PROBLEM REQUIREMENTS: From the line containing "Some of the words" down to the final line of the entries below, restate each line word for word and add nothing.

LISTED ENTRIES:
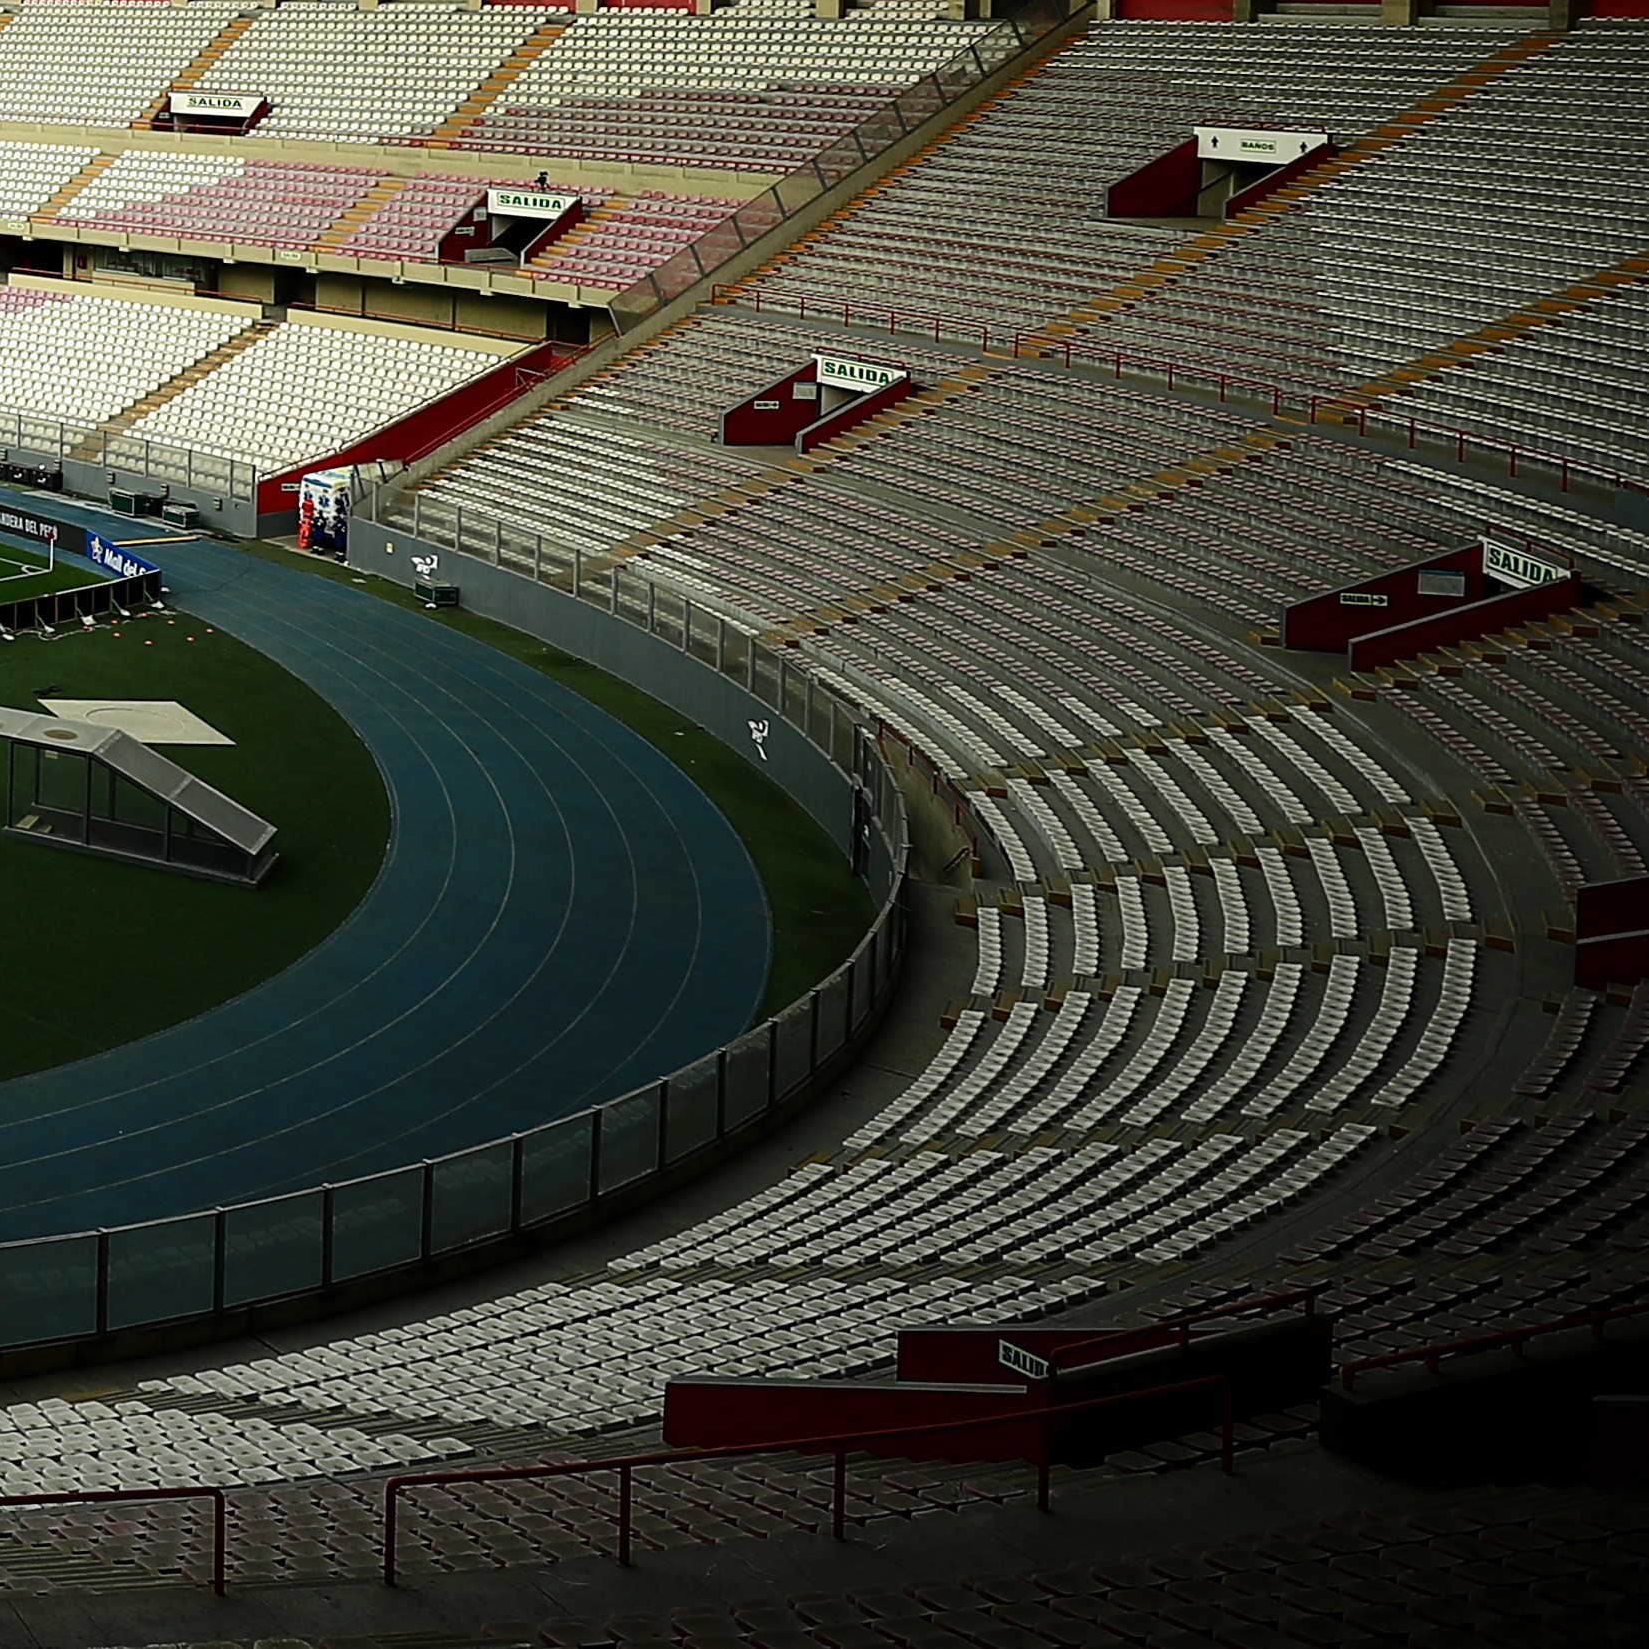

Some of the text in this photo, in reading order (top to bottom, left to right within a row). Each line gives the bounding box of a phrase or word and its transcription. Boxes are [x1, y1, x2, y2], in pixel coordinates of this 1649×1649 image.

[189, 97, 242, 108] SALIDA
[500, 195, 562, 209] SALIDA
[824, 361, 890, 384] SALIDA
[25, 516, 38, 534] DEL
[104, 548, 123, 573] Mall
[1490, 547, 1554, 582] SALIDA
[1002, 1346, 1044, 1377] SALID
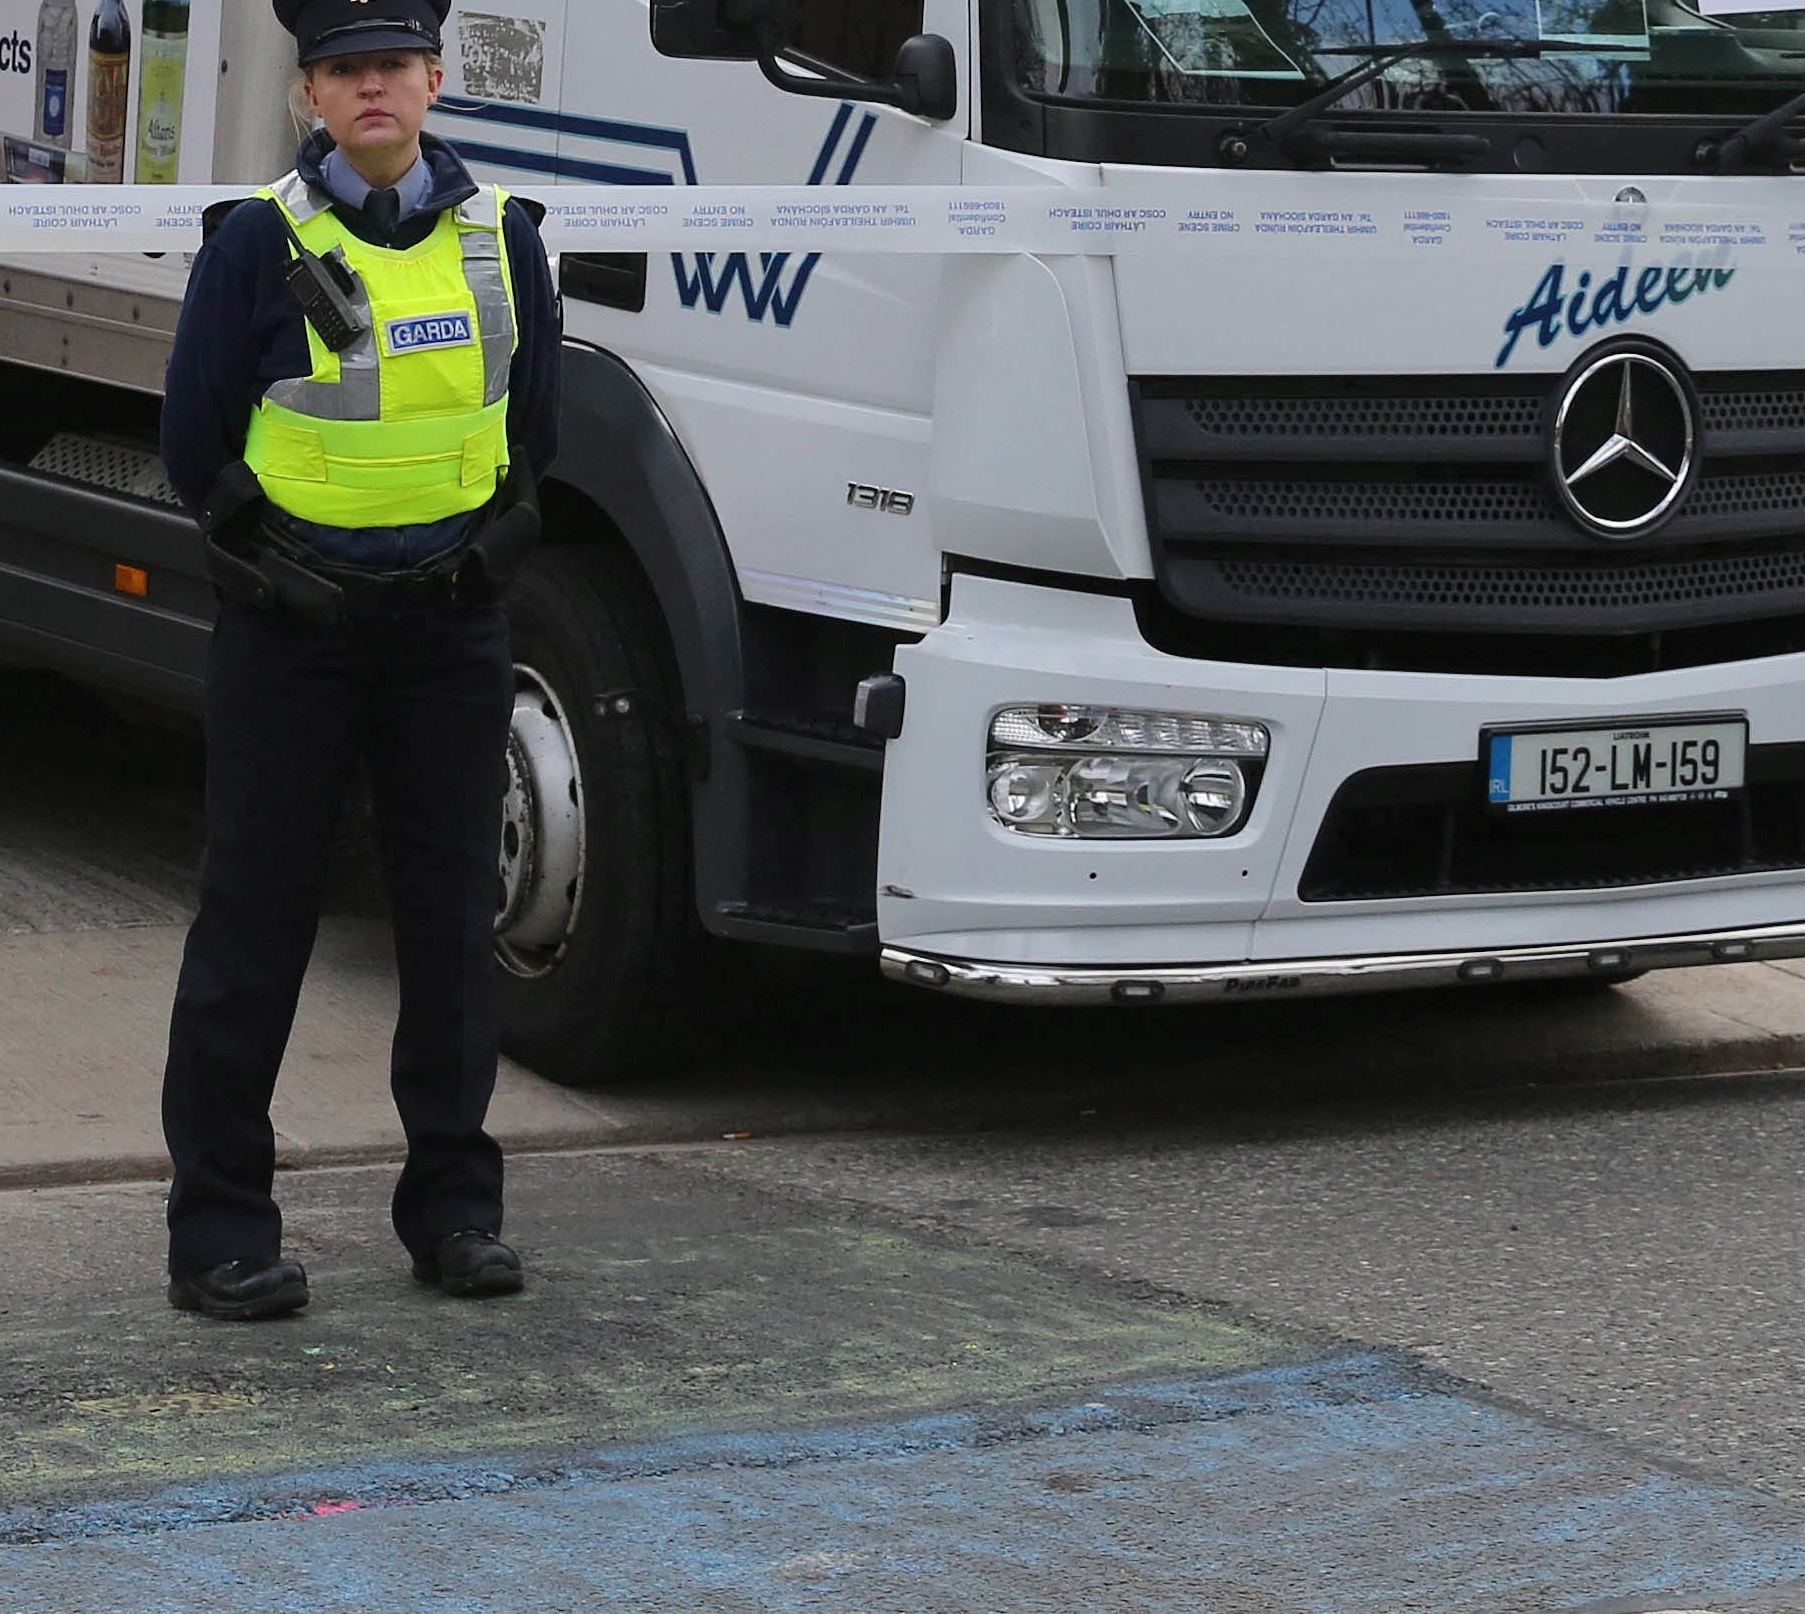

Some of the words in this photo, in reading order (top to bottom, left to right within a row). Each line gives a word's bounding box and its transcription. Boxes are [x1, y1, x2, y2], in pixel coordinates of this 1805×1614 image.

[9, 205, 56, 216] ISTEACH
[57, 205, 89, 216] DHUL
[91, 205, 109, 217] AR
[110, 205, 141, 215] COSC
[167, 205, 203, 215] ENTRY
[546, 205, 586, 215] ISTEAC
[588, 205, 618, 216] DHUL
[620, 205, 636, 215] AR
[638, 205, 668, 215] COSC
[692, 206, 727, 215] ENTRY
[729, 205, 745, 215] NO
[831, 204, 871, 215] GARDA
[872, 204, 887, 214] AN
[33, 217, 68, 228] COIRE
[156, 217, 193, 227] SCENE
[564, 217, 597, 227] COIRE
[682, 217, 718, 227] SCENE
[720, 218, 754, 227] CRIME
[879, 215, 916, 226] UIMHIR
[948, 213, 1006, 224] Confidential
[958, 226, 996, 236] GARDA
[393, 319, 469, 346] GARDA
[845, 481, 915, 516] 1318
[1540, 738, 1720, 796] 152-LM-159

TASK RESPONSE:
Some of the words in this photo, in reading order (top to bottom, left to right within a row). Each line gives a word's bounding box and its transcription. Boxes are [x1, y1, x2, y2], in pixel coordinates of this 1805×1614 image.

[9, 205, 56, 216] ISTEACH
[57, 205, 89, 216] DHUL
[91, 205, 109, 217] AR
[110, 205, 141, 215] COSC
[167, 205, 203, 215] ENTRY
[546, 205, 586, 215] ISTEAC
[588, 205, 618, 216] DHUL
[620, 205, 636, 215] AR
[638, 205, 668, 215] COSC
[692, 206, 727, 215] ENTRY
[729, 205, 745, 215] NO
[831, 204, 871, 215] GARDA
[872, 204, 887, 214] AN
[33, 217, 68, 228] COIRE
[156, 217, 193, 227] SCENE
[564, 217, 597, 227] COIRE
[682, 217, 718, 227] SCENE
[720, 218, 754, 227] CRIME
[879, 215, 916, 226] UIMHIR
[948, 213, 1006, 224] Confidential
[958, 226, 996, 236] GARDA
[393, 319, 469, 346] GARDA
[845, 481, 915, 516] 1318
[1540, 738, 1720, 796] 152-LM-159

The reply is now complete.